PRS est une marque que j’apprécie beaucoup. Elles permettent d’avoir une palette sonore gigantesque. J’ai découvert la marque à travers la gamme SE (NdR. : Paul Reed Smith Student Edition, des guitares fabriquées en Corée dont le contrôle qualité est assuré par l’usine du Maryland aux USA). Mais j’étais parfois un peu limité, surtout quand on me demandait de prendre un son de Strat, pour faire des cocottes, par exemple. J’ai trouvé la 513, et je n’ai plus eu besoin de chercher plus loin pour assurer dans toutes les situations, puisqu’elle me procure autant un son jazz très plein, mais aussi un son clair et brillant, etc. Avec toutes les possibilités qu’elle offre, c’est facile de retrouver tous les sons de guitare grâce à un switch ou un potard. Après, j’ai toujours ce rêve de gosse de me trouver un jour une vieille Tele, pour avoir un son Tele authentique à la maison, et pour certains projets, pour lesquels il faut ce son.


> On a passé un moment ensemble au magasin. De toutes les PRS que tu as vues, laquelle t’a tapé dans l’œil ?

La McCarty 594. Je l’ai trouvée vraiment très agréable. Le manche est confortable, les finitions sont fantastiques. Elle a un son plein qui me permet de retrouver les sonorités jazz, et en single, elle claque ! Pour moi c’est vraiment la meilleure.


> Quelle est ton expérience avec Servette-Music ?

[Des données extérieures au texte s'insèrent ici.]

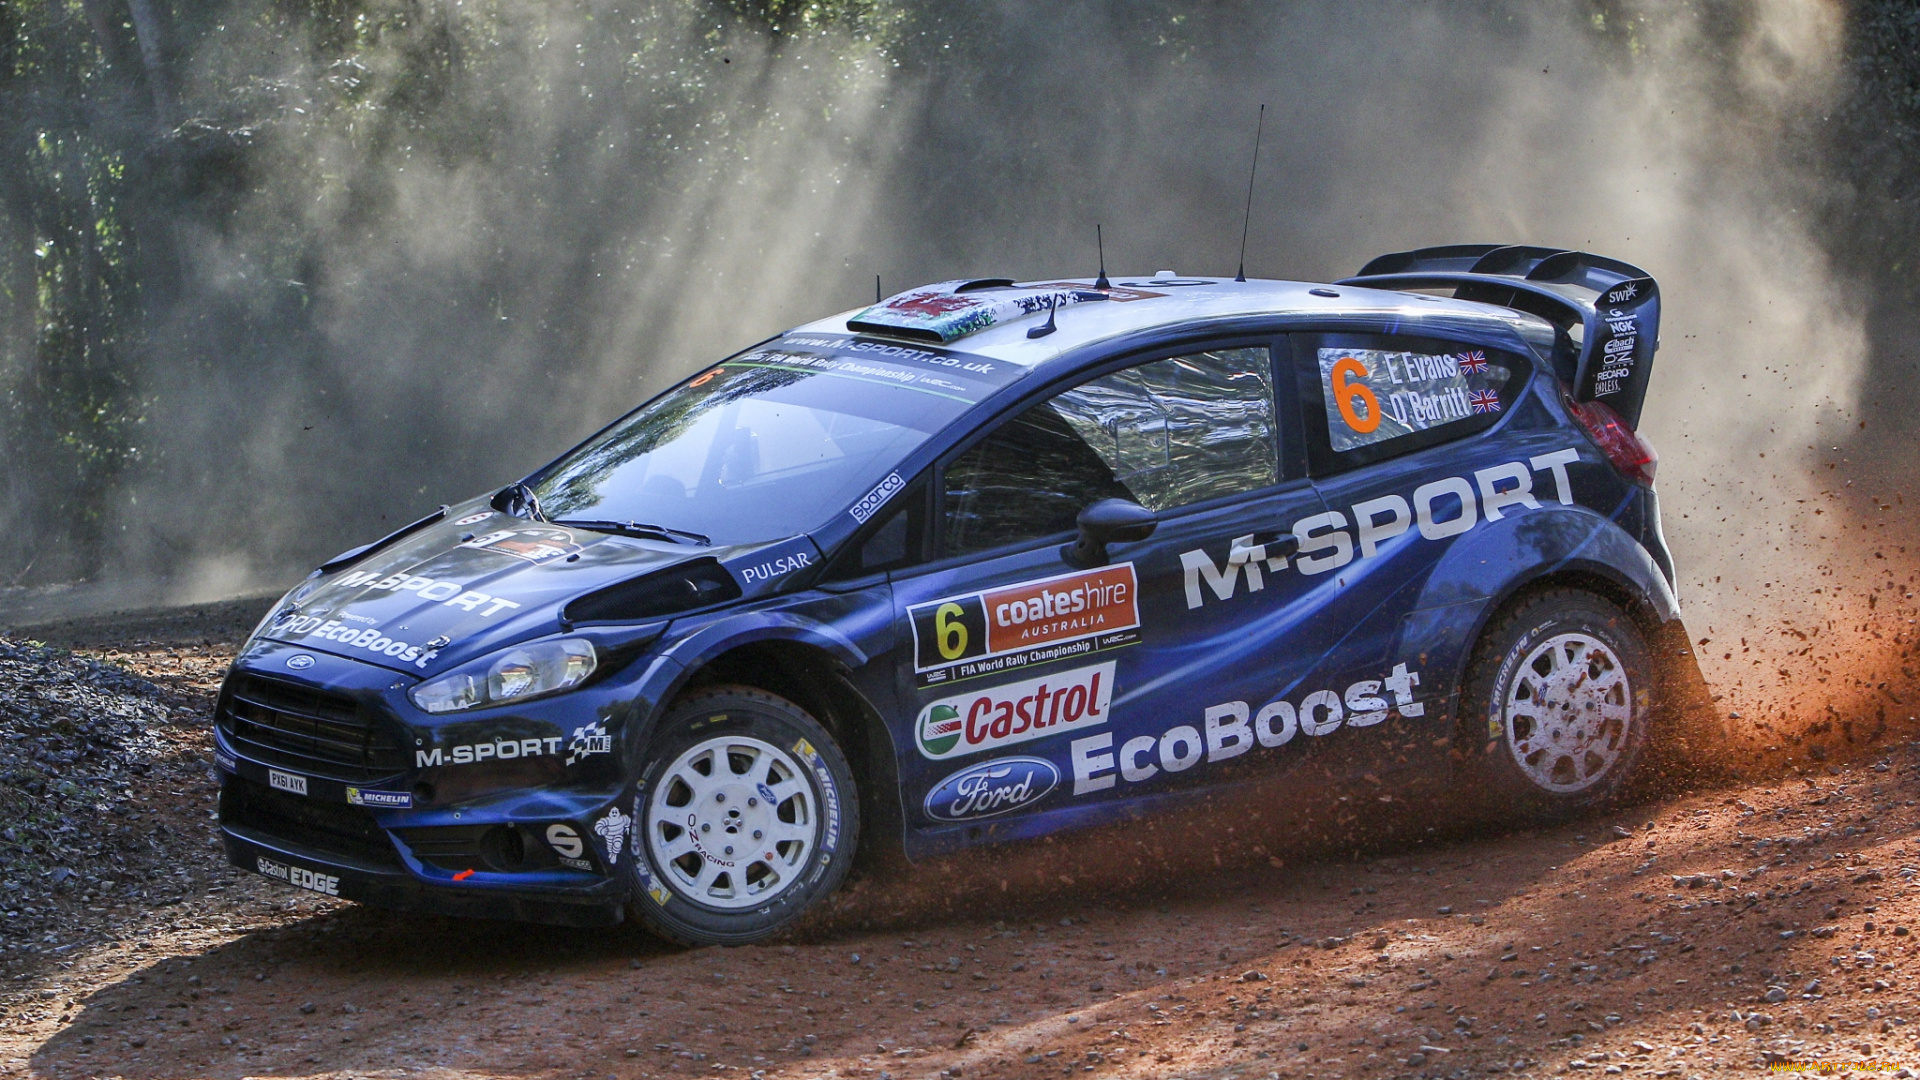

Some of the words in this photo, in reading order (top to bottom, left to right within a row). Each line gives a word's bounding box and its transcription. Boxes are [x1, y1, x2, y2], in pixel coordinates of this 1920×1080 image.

Je connais le magasin depuis que je suis gosse, je me souviens d’y venir avec mon père à l’époque. Depuis que je suis arrivé à Genève, j’apprécie beaucoup la disponibilité de l’équipe de Servette-Music. Il y a toujours quelqu’un pour m’aider, il y a du choix. Les liens de Servette-Music avec l’ETM sont aussi enrichissants, ça facilite beaucoup de choses pour les professeurs comme pour les élèves. Et puis je ne sais pas s’il faut le dire, mais j’aimerais bien qu’il y ait plus de place pour les effets. Mais après ce que je t’ai dit sur ma recherche musicale et sonore, tu comprends bien pourquoi !


> Quels sont tes projets actuels ?

Mon projet principal en ce moment s’appelle « Mohs ». Je l’ai monté avec un ami trompettiste, un batteur et un bassiste, et c’est un mélange de toutes mes influences de ces 20 dernières années, jazz et musique électronique principalement. Les compos sont collectives, c’est un vrai groupe. J’ai un petit studio rue de Lyon, dans lequel on répète, on fait des prises de son, et on se renvoie la balle sur des idées pour les faire évoluer, et on va sortir notre 2ème album en février 2022.

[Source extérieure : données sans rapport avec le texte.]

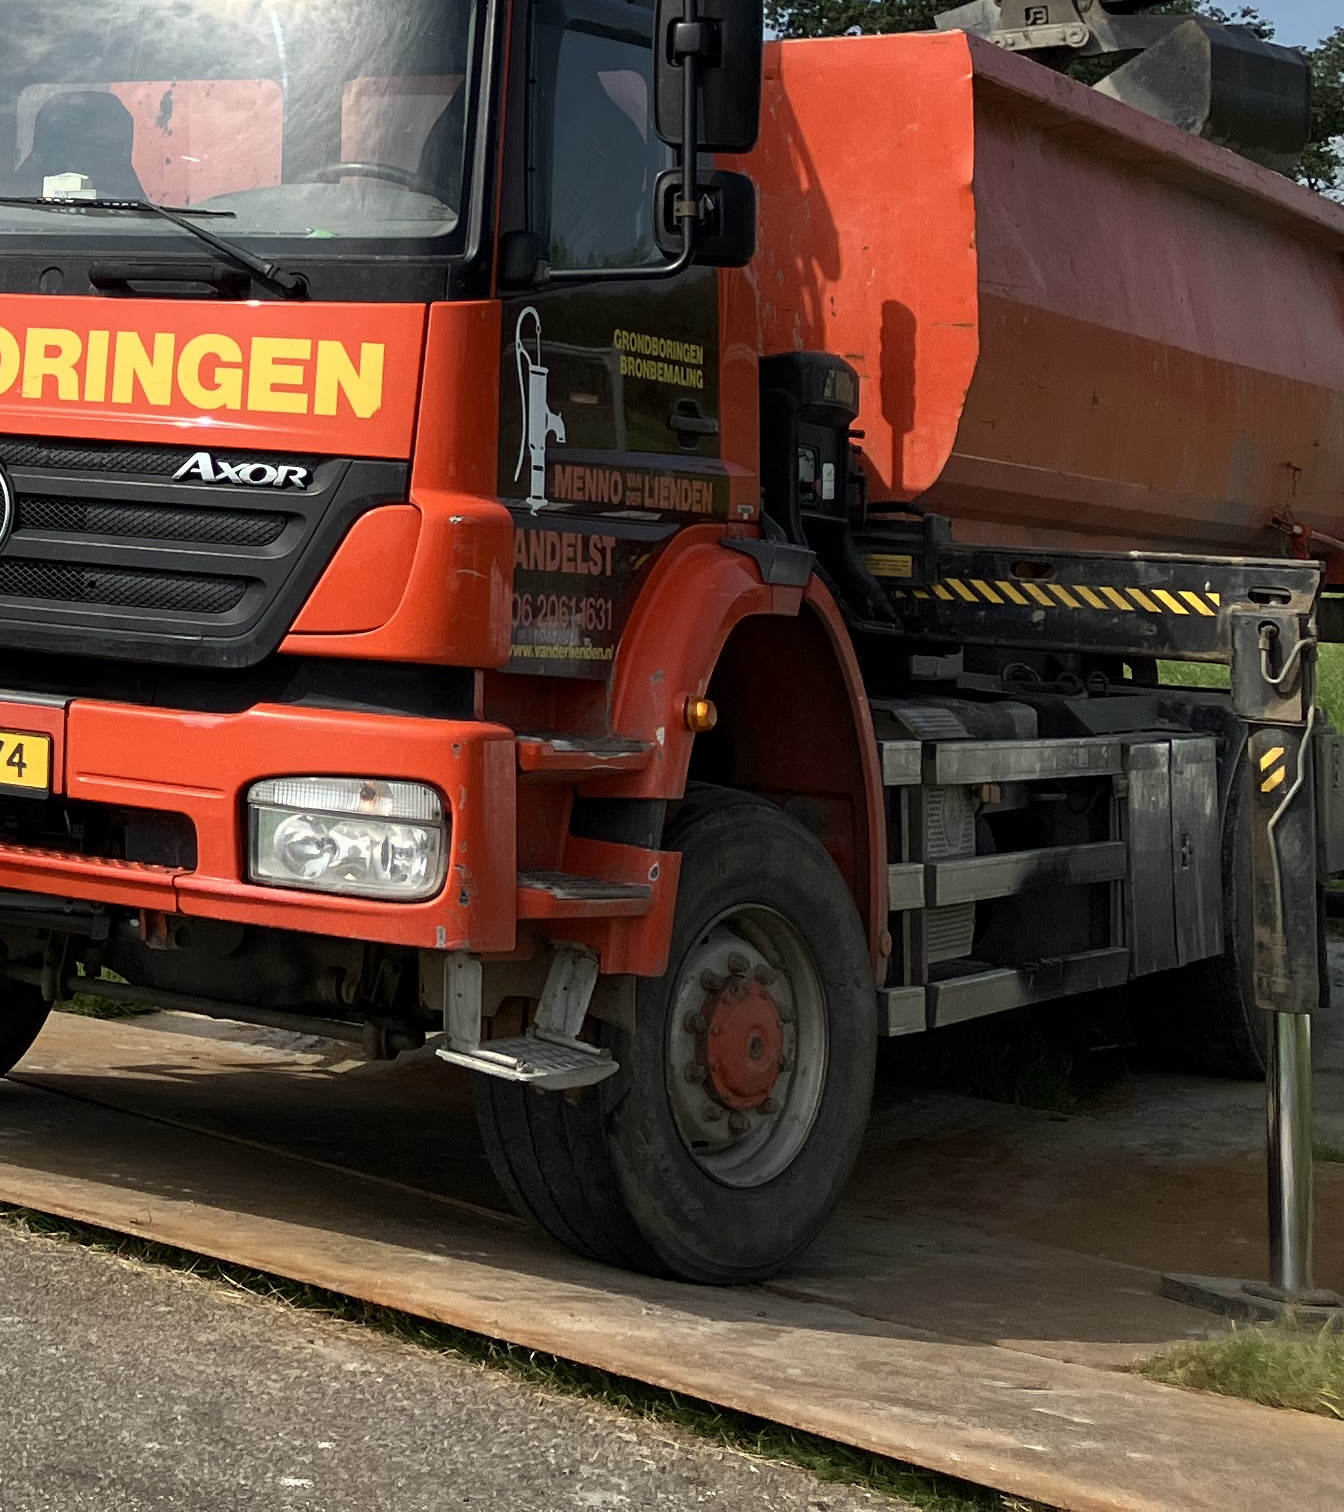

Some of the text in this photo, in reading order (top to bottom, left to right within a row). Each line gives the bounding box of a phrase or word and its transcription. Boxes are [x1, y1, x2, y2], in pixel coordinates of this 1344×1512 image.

[613, 328, 704, 366] GRONDBORINGEN
[620, 354, 704, 389] BRONBEMALING
[553, 464, 713, 513] MENNO VAN DER LIENDEN
[513, 528, 616, 577] ANDELST
[512, 593, 533, 628] 06

Sinon j’ai aussi un groupe qui s’appelle « Ora », qui est un projet de musique électronique, et va jusqu’à la dance. C’est de la musique de club, avec des influences house, techno. C’est live machine. J’ai aussi la guitare sur scène, mais on utilise les drum machines, des samplers, et je fais des boucles de guitare en live, en contrôlant avec des synthés. On est loin de la formation de rock classique.

Dans une toute autre veine musicale, « Ticora » est un quartet composé d’un orgue, d’une batterie, d’un saxophone et d’’une guitare. On fait un mélange d’afro-beat, de musique de la réunion, de jazz. C’est un jeu complètement différent à la guitare, beaucoup plus rythmique. Et puis j’ai un groupe de musique de chambre qui s'appelle « Espuma Antigua », composé d’un violoncelle, d’une voix et d’une guitare électrique. On fait des arrangements contemporains de musique baroque (Bach, Vivaldi, Purcell). On est dans un truc très intimiste, c’est très doux. J’utilise beaucoup d’effets dans ce contexte, pour englober l’espace sonore avec des reverbs et des delays.


> Comment as-tu vécu la période COVID ?

On a dû s’adapter avec les cours à distance. Pour certains trucs, c’est plus facile : c’est confortable de rester chez soi, pour les cours de théorie c’est plus simple. Mais pour jouer la musique, c’est plus délicat, par la nature même de l’art. Niveau personnel, j’ai pris l’opportunité de me recentrer sur mes créations. Je suis sideman avec plaisir, mais je ne suis pas un mercenaire de la musique. J’ai donc aimé pouvoir passer du temps en studio pour faire de la recherche sonore, développer mes propres idées, et même apprendre à mixer.


Merci Erwan, nous allons tenir compte de tes remarques sur la place donnée aux effets car tu as raison, nous pouvons mieux les mettre en valeur. Passe une belle fin de journée et bonne continuation.